**What is expected**
Please reproduce all entries word for word and omit their pictures.

═════ Extracted entries

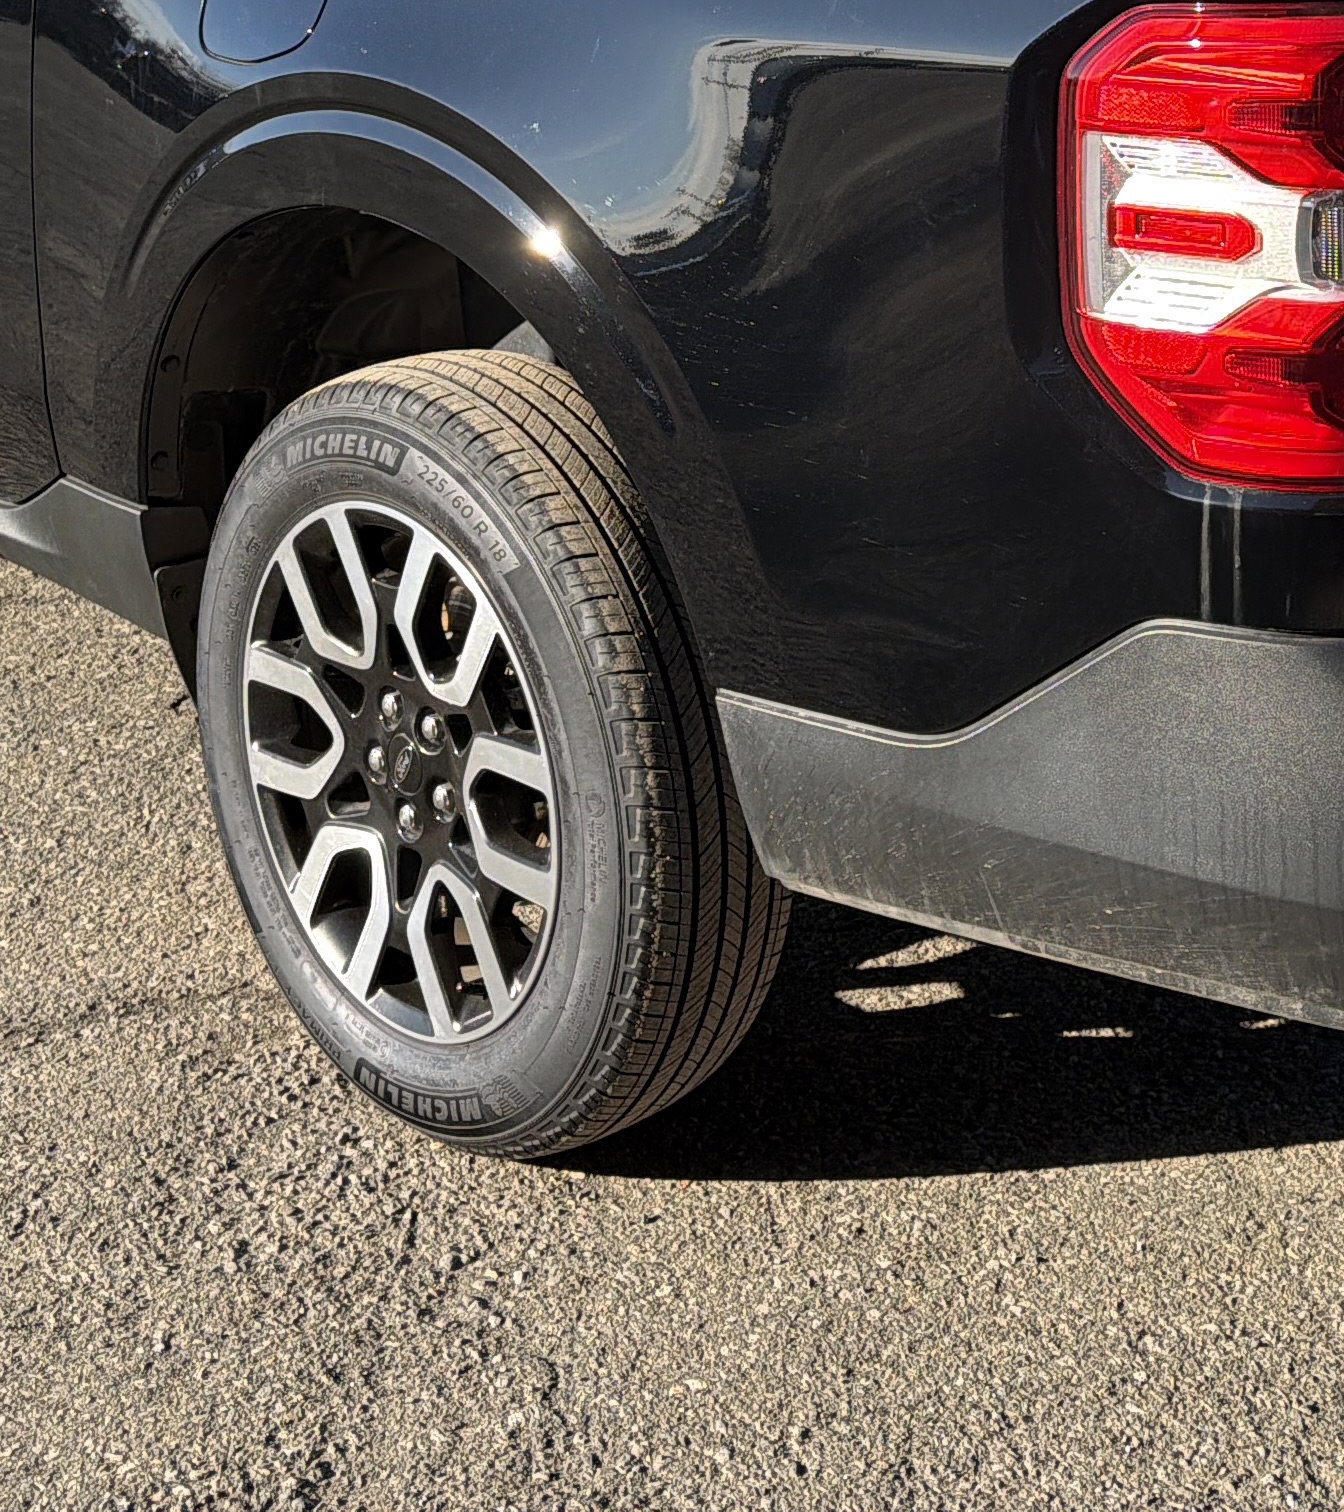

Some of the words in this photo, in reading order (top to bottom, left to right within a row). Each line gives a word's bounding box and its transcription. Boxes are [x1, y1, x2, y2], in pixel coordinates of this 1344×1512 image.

[286, 434, 401, 469] MICHELIN
[416, 464, 474, 520] 225/60
[473, 520, 489, 538] R
[488, 541, 508, 564] 18
[359, 1066, 483, 1123] MICHELIN

══════════

**Your response**
Some of the words in this photo, in reading order (top to bottom, left to right within a row). Each line gives a word's bounding box and its transcription. Boxes are [x1, y1, x2, y2], in pixel coordinates of this 1344×1512 image.

[286, 434, 401, 469] MICHELIN
[416, 464, 474, 520] 225/60
[473, 520, 489, 538] R
[488, 541, 508, 564] 18
[359, 1066, 483, 1123] MICHELIN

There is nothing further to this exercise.